Contrast and clarity are good. Mount corners are clipped.
Reverse has a photographer’s imprint for E. & H.T. ANTHONY… NEW YORK. Top has period pencil ID of “CAPT. WINSLOW.”
John Winslow was born November 19, 1811 in Wilmington, North Carolia. He was educated in the North and became an ardent abolitionist.
He entered the Navy as a midshipman on 1 February 1827, became a passed midshipman on 10 June 1833, and was commissioned a lieutenant on 9 February 1839. During the Mexican War he took part in the expeditions against Tabasco, Tampico, and Tuxpan, and was present at the fall of Veracruz. For his gallantry in action he was allowed to have command of the schooner USS Union, which had been captured at Tampico in November 1846 and was taken into service, but she was poorly equipped and was lost on a reef off Veracruz on 16 December 1846. While serving at Tabasco during the Mexican War, he was commended for gallantry in action by Commodore Matthew Perry. He shared a shipboard cabin with his later adversary, Raphael Semmes. The two officers served together on Cumberland, Semmes as the ship's flag lieutenant and Winslow as a division officer. The two, however, never mention this fact in their respective autobiographies.
He was executive of the sloop Saratoga in the Gulf of Mexico in 1848–49, at the Boston Navy Yard in 1849–50, and in the frigate St. Lawrence of the Pacific Squadron in 1851–55. He was promoted to commander on 14 September 1855.
The outbreak of the Civil War found Winslow serving ashore as commanding officer of the 2d Lighthouse District. He decided to stay with the Union, probably due to his New England roots, anti-slavery views, and his wife, who was another of his first cousins, also from Boston. After Flag Officer Andrew H. Foote relieved Commander John Rodgers of the Western Flotilla, he requested that Winslow be sent west to assist him as executive officer. At Cairo, Illinois, Winslow labored to fit out and man gunboats for service on the Mississippi River and its tributaries. In October 1861, he assumed command of Benton at St. Louis, Missouri. As that deep-draft gunboat was steaming down river to Cairo, she ran aground on a sandbar. While attempting to refloat the ship, Winslow was badly injured by a flying chain link and forced to return home late in the year to recover. When he was able to return to duty in the summer of 1862, Winslow was given comparatively minor assignments.
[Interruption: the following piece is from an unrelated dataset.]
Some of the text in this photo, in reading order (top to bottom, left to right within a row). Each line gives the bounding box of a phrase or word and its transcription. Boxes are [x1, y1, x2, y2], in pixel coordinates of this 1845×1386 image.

He contracted malaria, became discontented, and asked to be reassigned to other duty.
Detached from the Mississippi Squadron, Winslow returned to his home in Roxbury, Massachusetts, early in November and was confined to bed there for a month attempting to regain his health. On 5 December 1862, orders arrived directing him to proceed via New York City to the Azores, where he was to assume command of the screw sloop USS Kearsarge. Two days later, he went to New York where he embarked in Vanderbilt for passage to Fayal. However, when he reached that island on Christmas Eve, he found that Kearsarge had sailed to Spain for repairs, and he was forced to remain at Fayal until spring. When the screw sloop finally returned early in April 1863, he assumed command.
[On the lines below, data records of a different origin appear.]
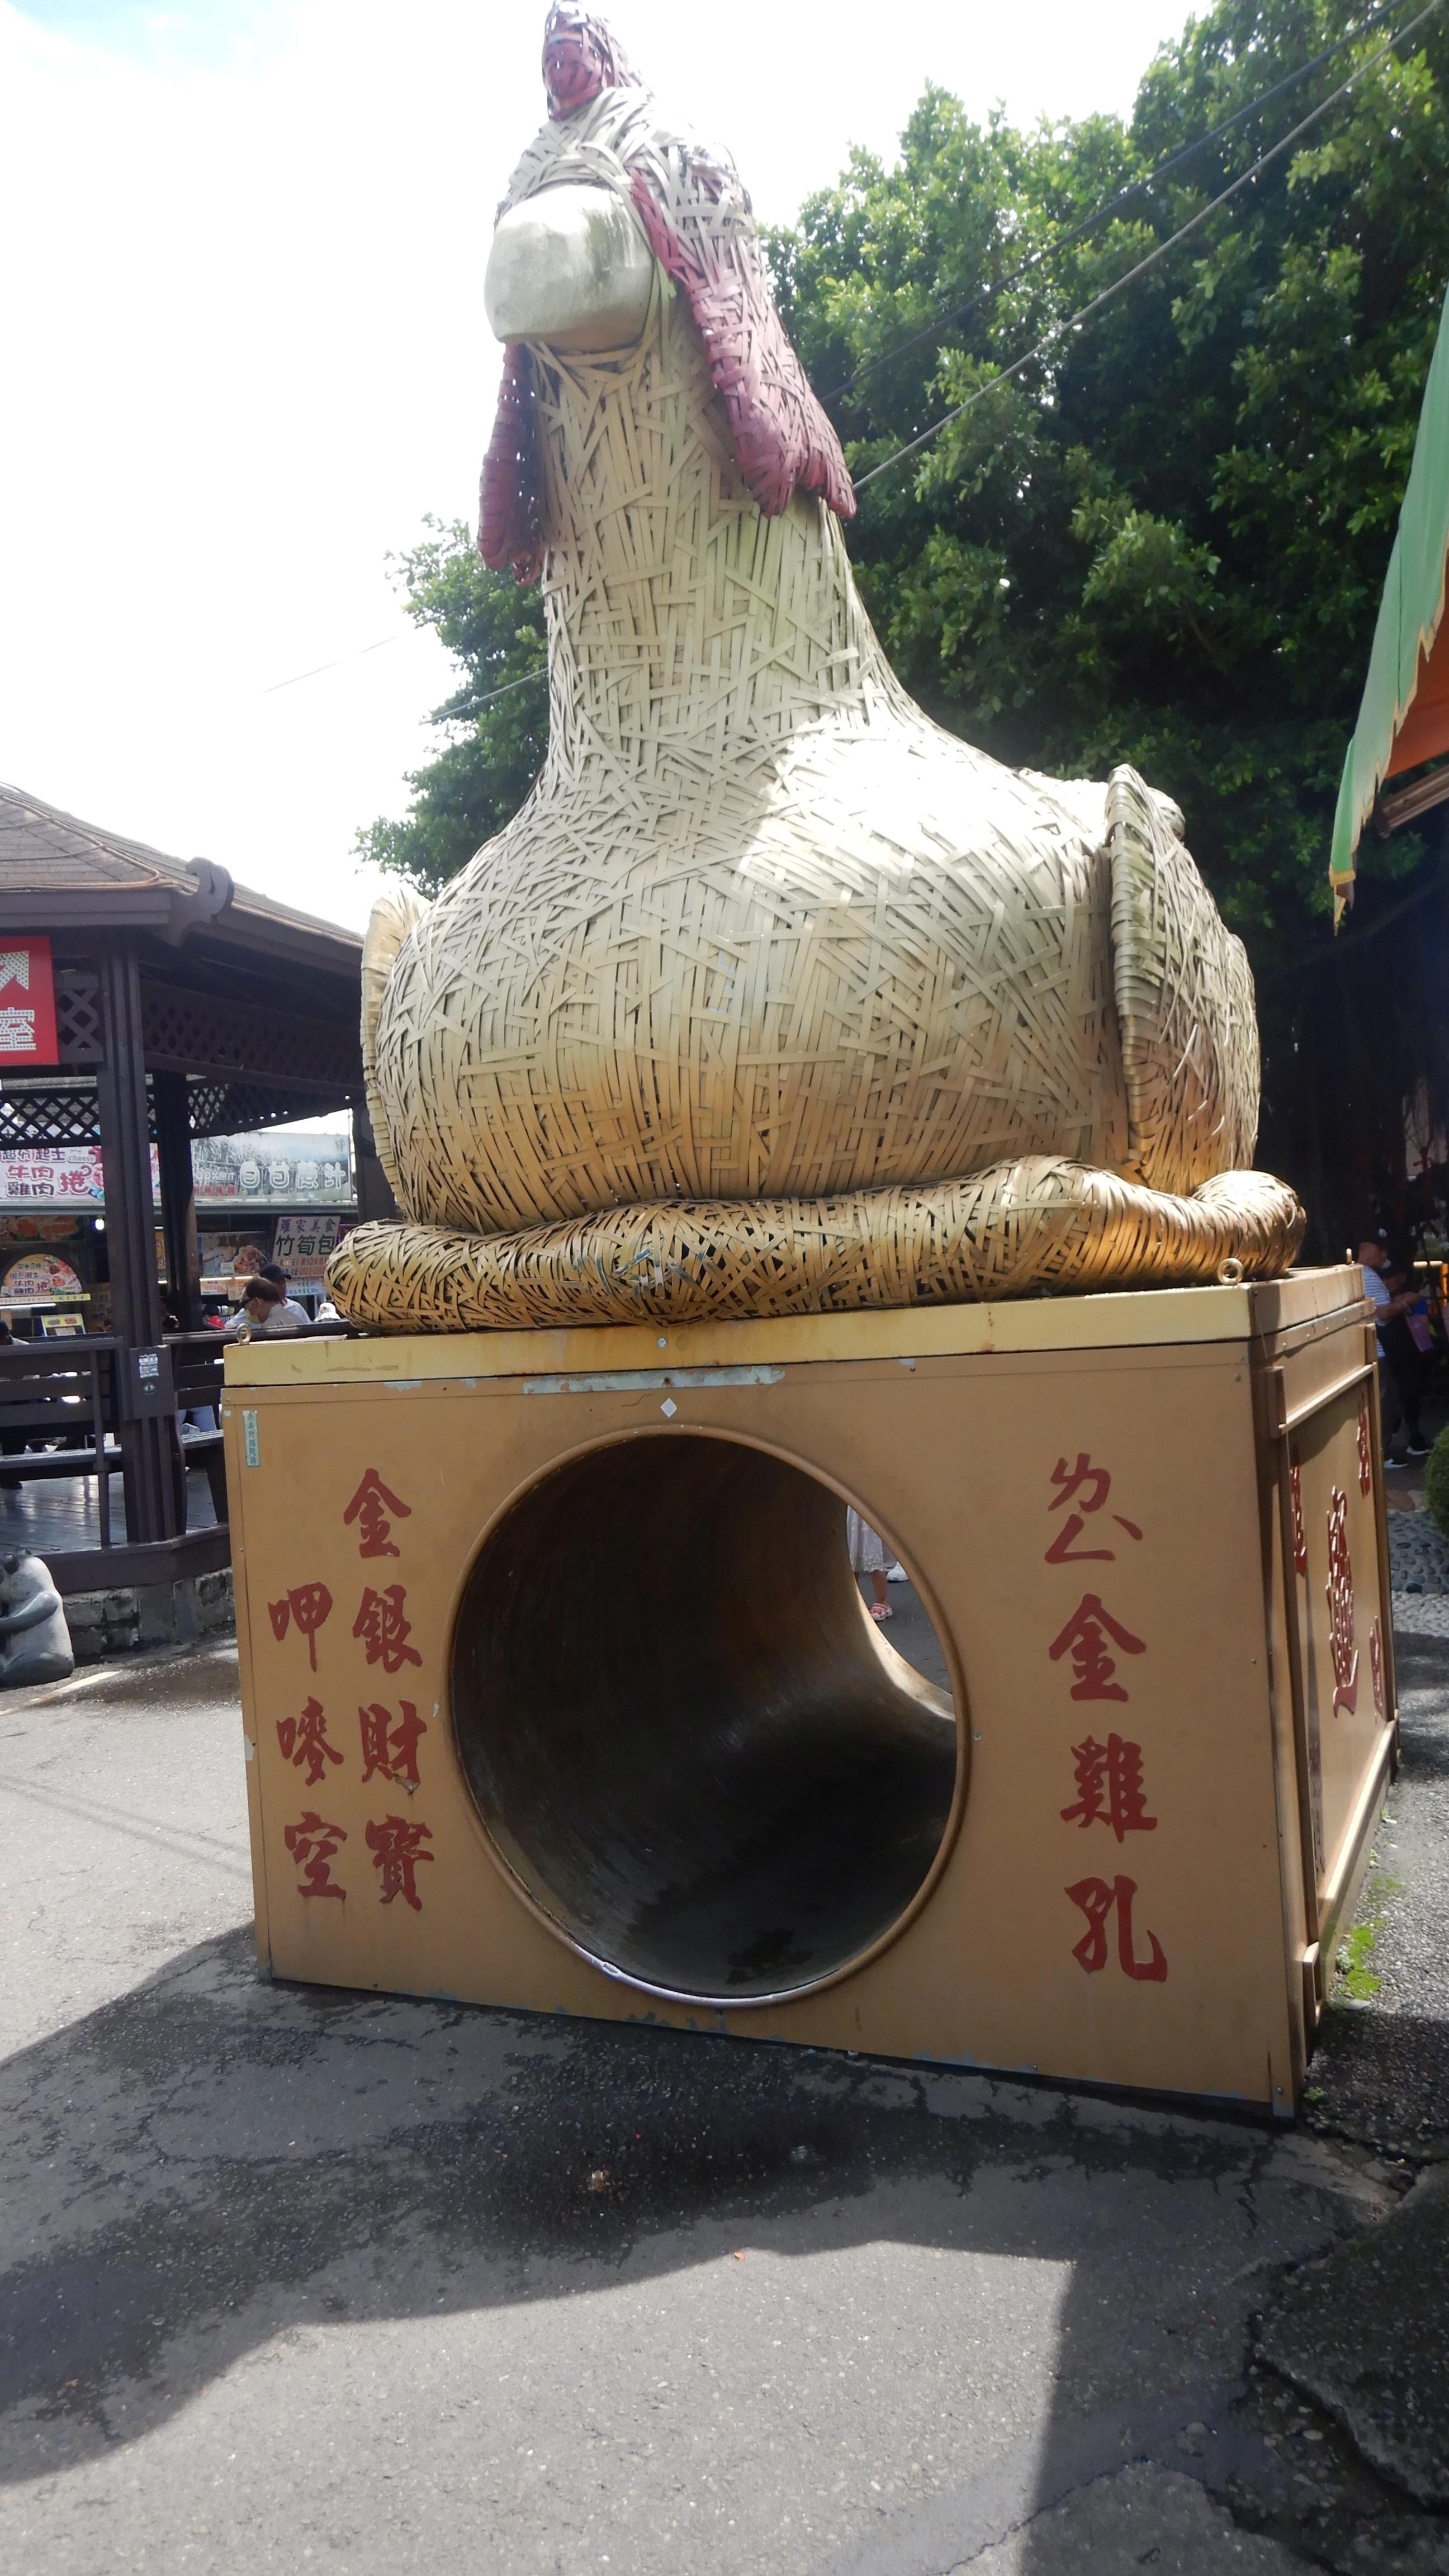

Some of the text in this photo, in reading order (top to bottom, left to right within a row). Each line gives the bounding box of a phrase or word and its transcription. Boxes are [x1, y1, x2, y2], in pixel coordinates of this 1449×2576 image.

[8, 1164, 54, 1179] 牛肉
[59, 1165, 93, 1192] 捲
[7, 1181, 54, 1195] 雞肉
[280, 1218, 335, 1233] 羅家美食
[276, 1234, 335, 1256] 竹筍包
[343, 1467, 435, 1911] 金銀財寶
In Kearsarge, he cruised among the Azores seeking Confederate commerce raider CSS Alabama until autumn when he shifted to European waters. At Ferrol, Spain, Winslow learned that CSS Florida was at Brest, France, undergoing overhaul; he promptly sailed for that port to prevent her from slipping out to sea again. While keeping track of the progress of the repair work on the Southern warship through the U.S. diplomatic and espionage network, he also made runs along the coast of western Europe, checking on rumors of other Confederate raiders in the area. He also rigorously drilled his crew in naval gunnery, which stood them in good stead in the battle to come.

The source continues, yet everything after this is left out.